* Activity: Transcribe each line below verbatim; pictures excluded.

☆ ☆ ☆

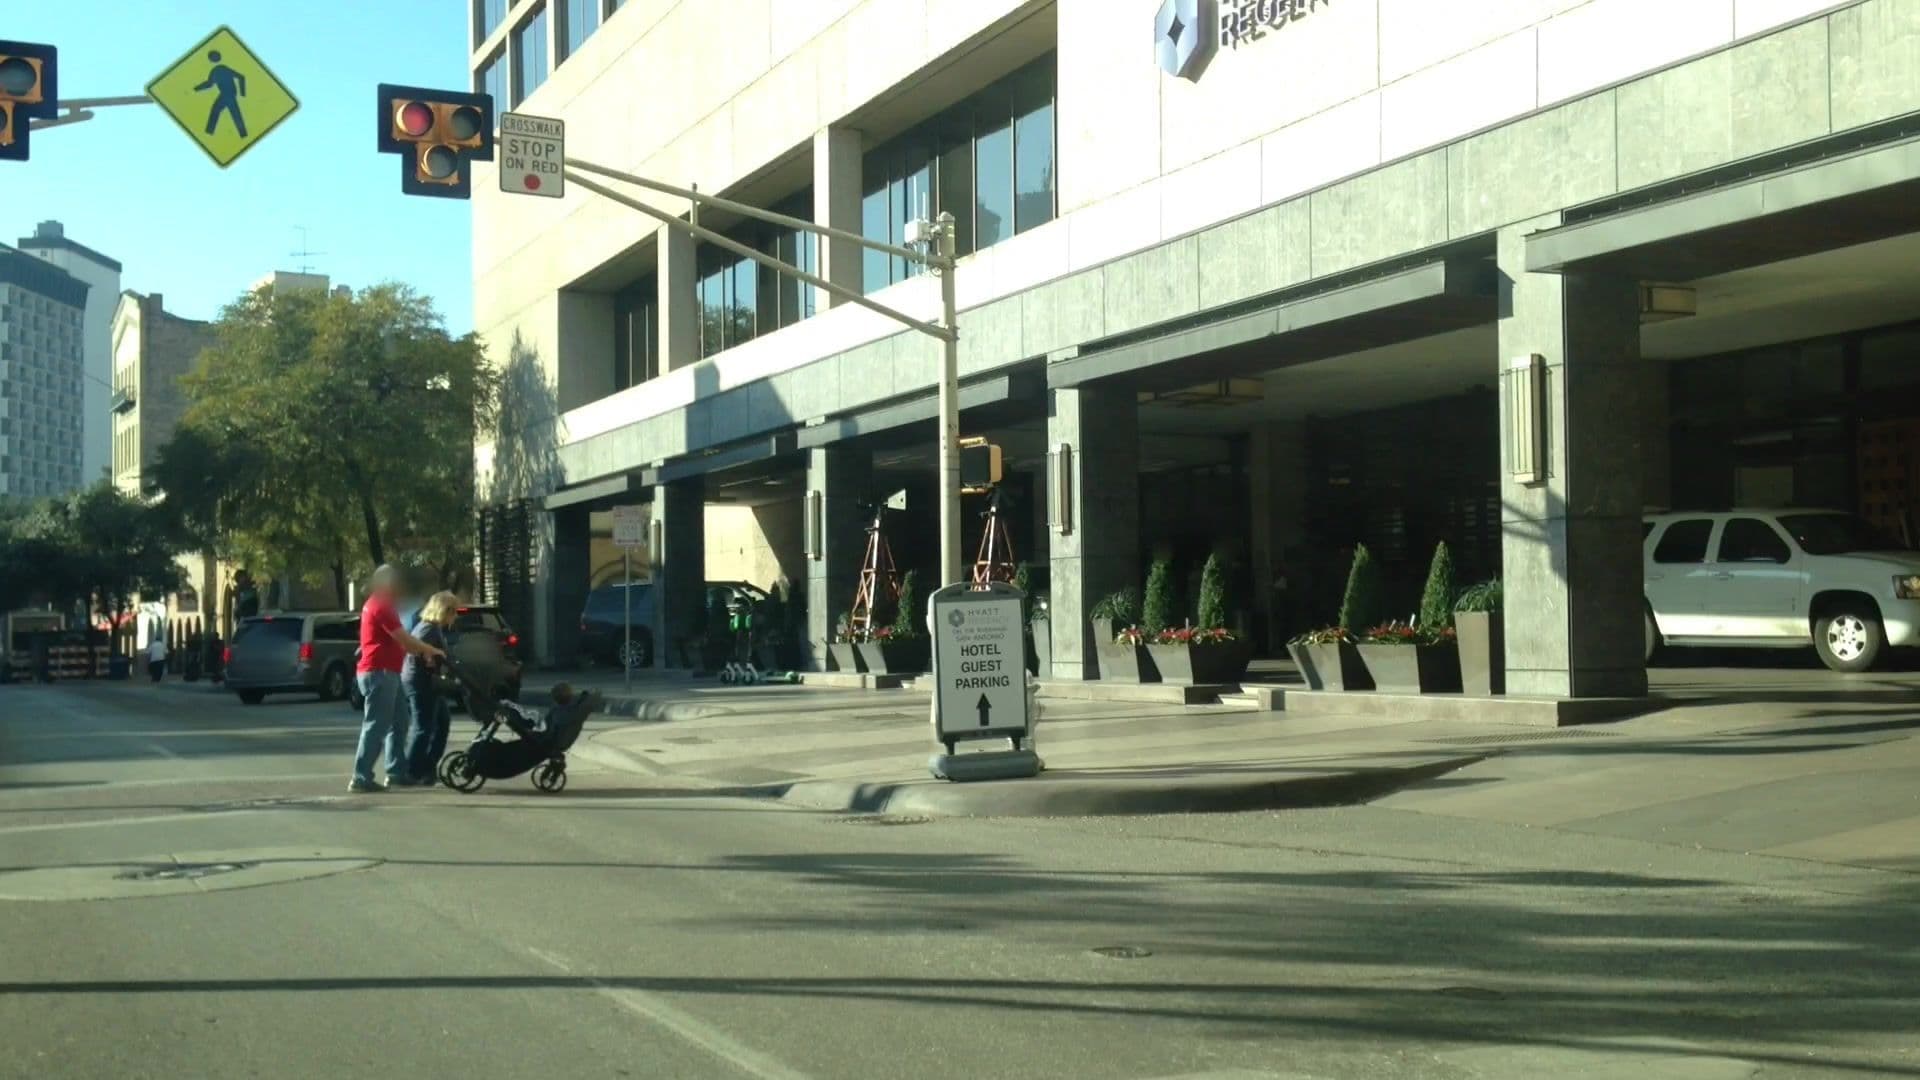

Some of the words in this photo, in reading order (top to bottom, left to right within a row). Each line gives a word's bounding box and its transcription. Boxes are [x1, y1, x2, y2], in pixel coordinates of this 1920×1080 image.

[503, 118, 561, 136] CROSSWALK
[509, 139, 556, 160] STOP
[505, 157, 524, 169] ON
[532, 160, 559, 174] RED
[968, 608, 1000, 616] HYATT
[961, 644, 1001, 656] HOTEL
[961, 660, 1002, 673] GUEST
[955, 676, 1010, 689] PARKING
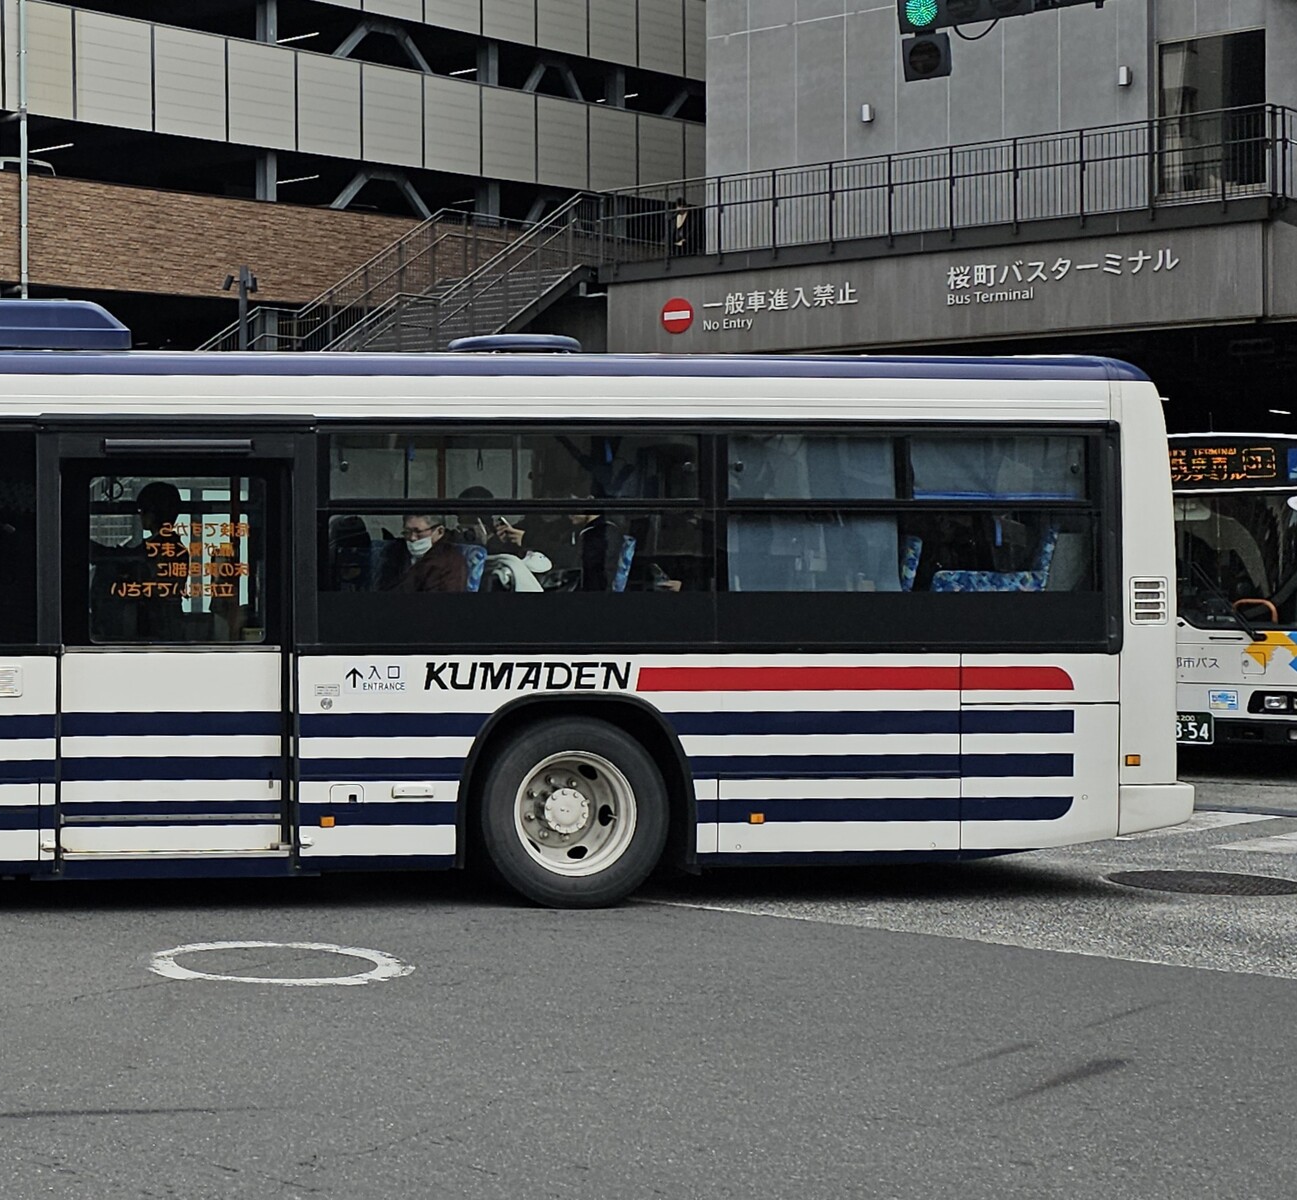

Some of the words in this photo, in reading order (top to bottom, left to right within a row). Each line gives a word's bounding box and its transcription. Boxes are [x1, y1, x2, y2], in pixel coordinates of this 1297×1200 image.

[946, 248, 1180, 291] 桜町バスターミナル
[702, 281, 859, 315] 一般車進入禁止
[946, 293, 971, 306] Bus
[974, 287, 1034, 304] Terminal
[703, 320, 720, 331] No
[723, 318, 753, 331] Entry
[368, 665, 400, 679] 入口
[423, 661, 632, 691] KUMADEN
[362, 682, 406, 691] ENTRANCE
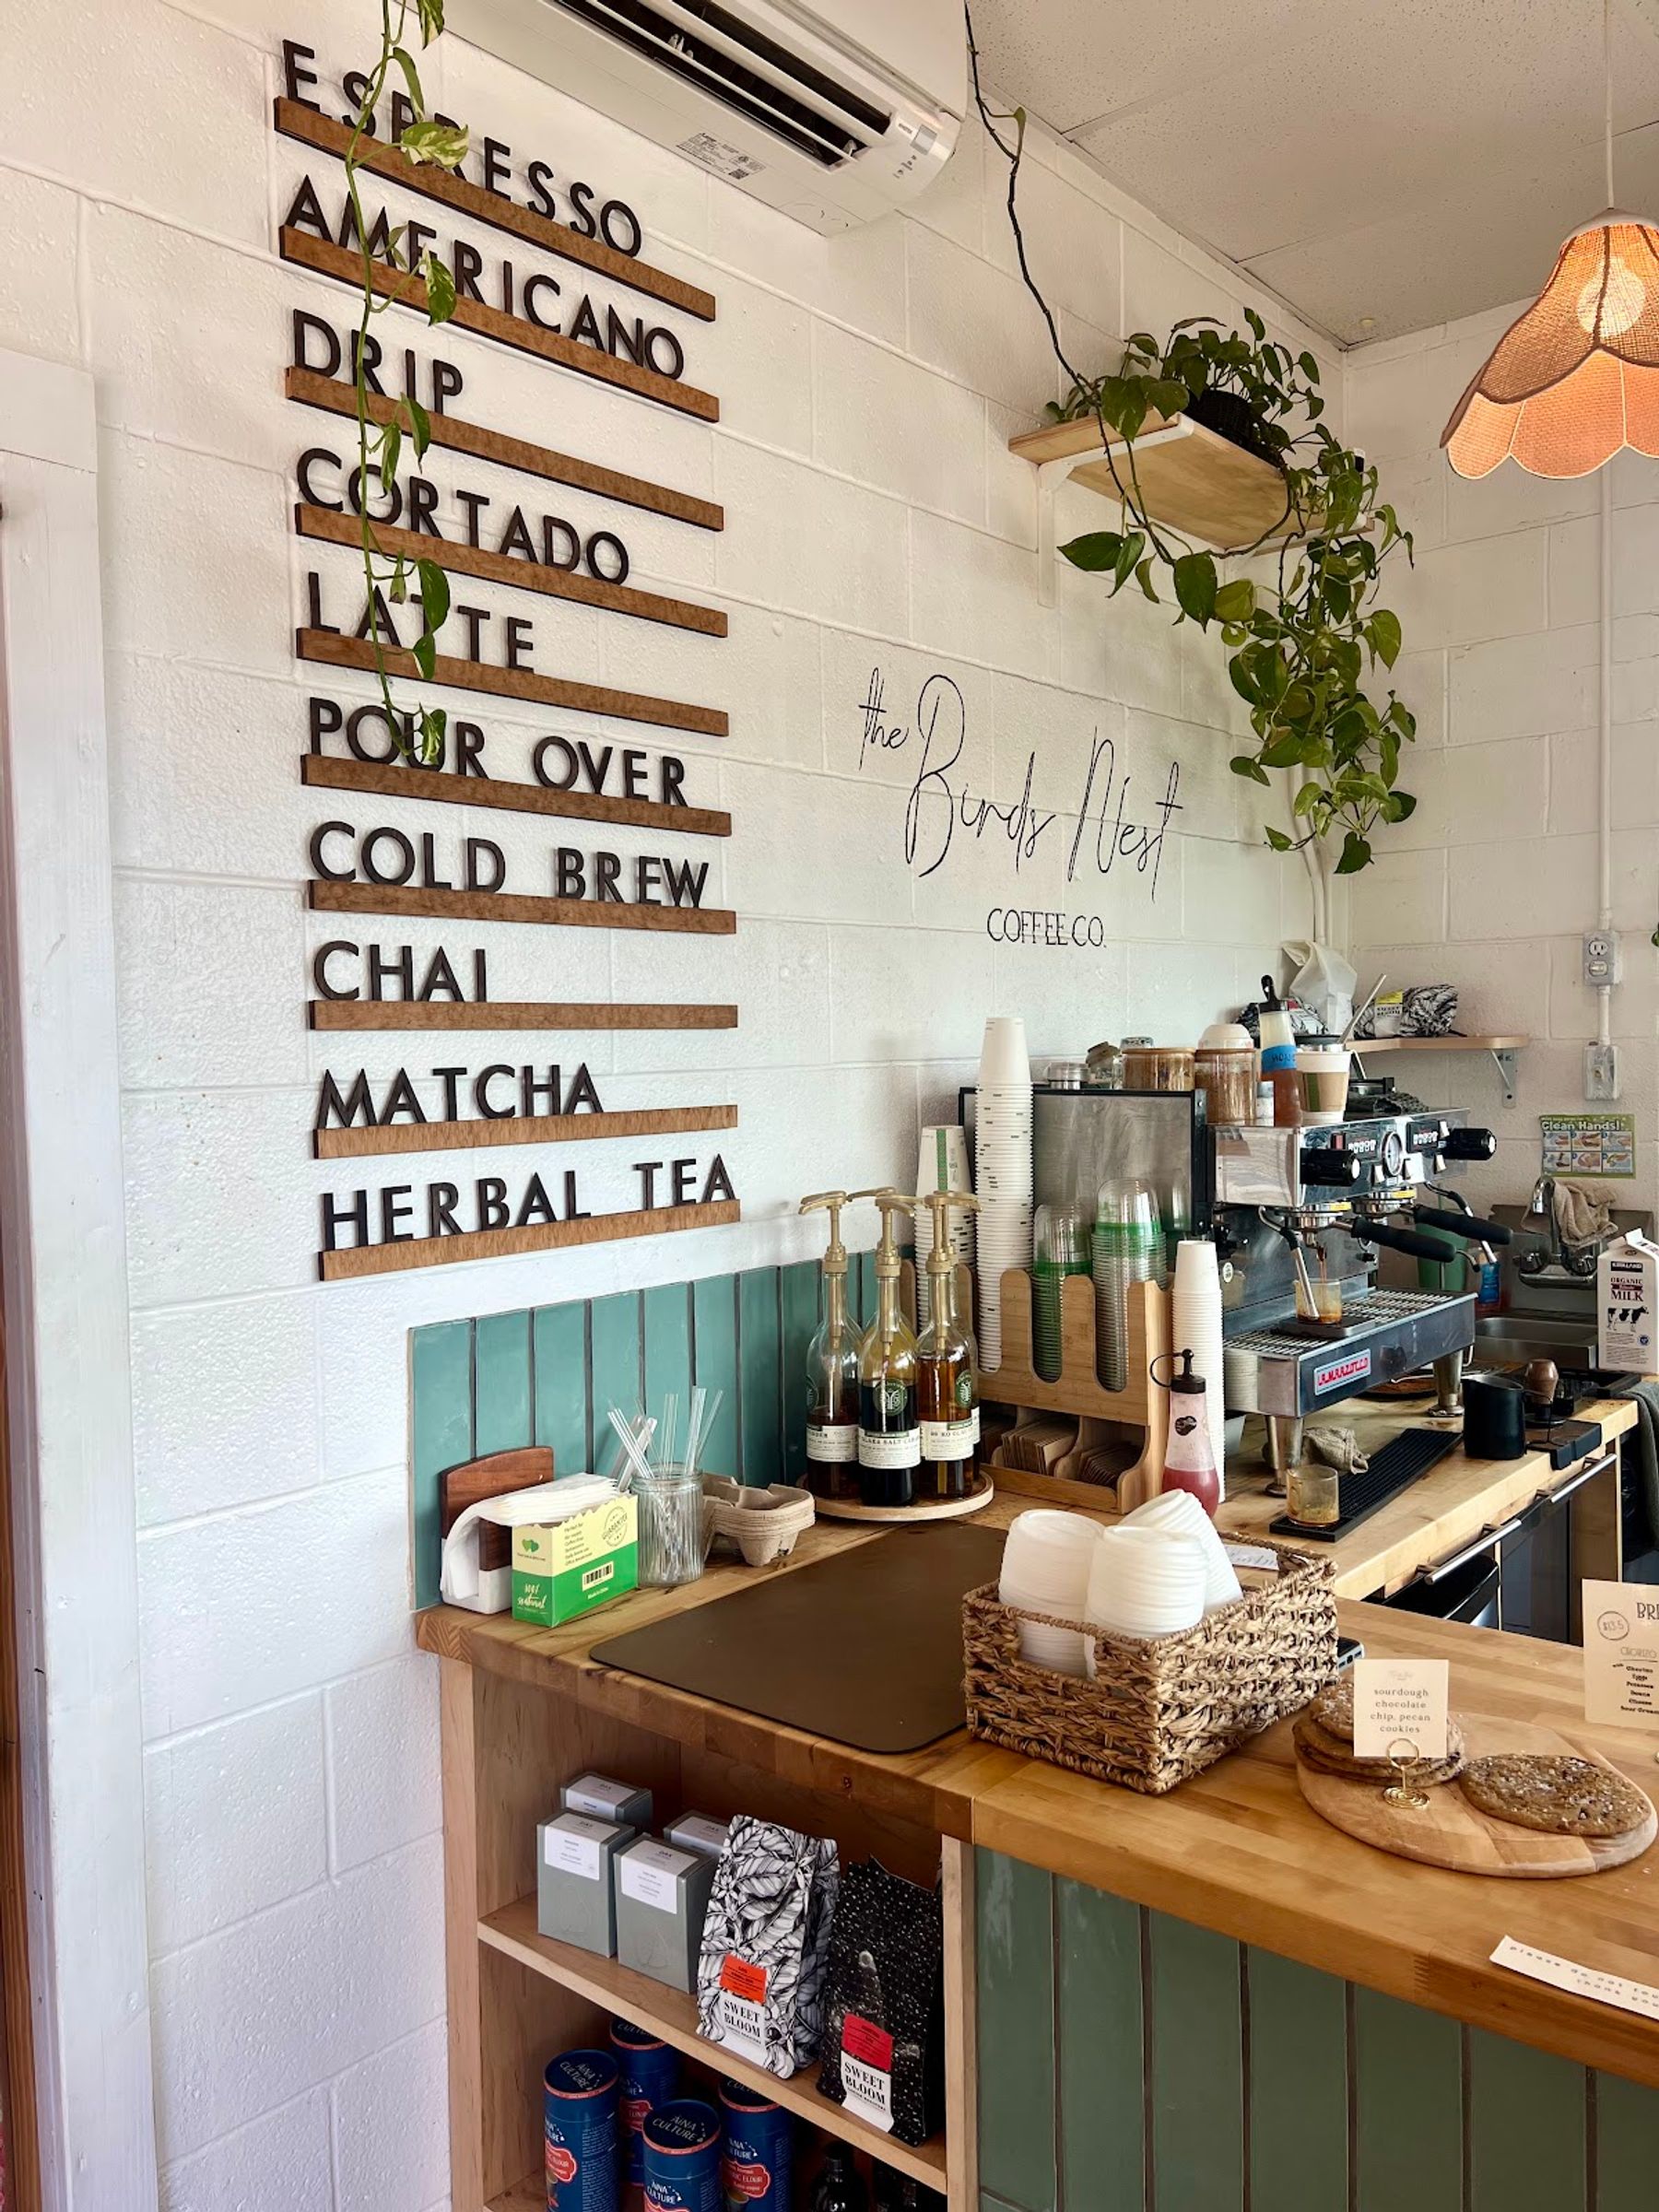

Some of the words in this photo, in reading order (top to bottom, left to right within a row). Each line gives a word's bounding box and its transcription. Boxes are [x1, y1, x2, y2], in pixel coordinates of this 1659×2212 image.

☆ ☆ ☆

* Task answer:
Some of the words in this photo, in reading order (top to bottom, left to right within a row). Each line gives a word's bounding box and its transcription. Boxes are [x1, y1, x2, y2], in pixel coordinates of this 1920×1080 image.

[503, 118, 561, 136] CROSSWALK
[509, 139, 556, 160] STOP
[505, 157, 524, 169] ON
[532, 160, 559, 174] RED
[968, 608, 1000, 616] HYATT
[961, 644, 1001, 656] HOTEL
[961, 660, 1002, 673] GUEST
[955, 676, 1010, 689] PARKING

Some of the words in this photo, in reading order (top to bottom, left to right within a row). Each line gives a word's bounding box and its transcription. Boxes are [x1, y1, x2, y2], in pixel coordinates of this 1297×1200 image.

[946, 248, 1180, 291] 桜町バスターミナル
[702, 281, 859, 315] 一般車進入禁止
[946, 293, 971, 306] Bus
[974, 287, 1034, 304] Terminal
[703, 320, 720, 331] No
[723, 318, 753, 331] Entry
[368, 665, 400, 679] 入口
[423, 661, 632, 691] KUMADEN
[362, 682, 406, 691] ENTRANCE

Some of the words in this photo, in reading order (top to bottom, left to right within a row). Each line gives a word's bounding box and its transcription. Boxes are [x1, y1, x2, y2], in pixel coordinates of this 1659×2212 image.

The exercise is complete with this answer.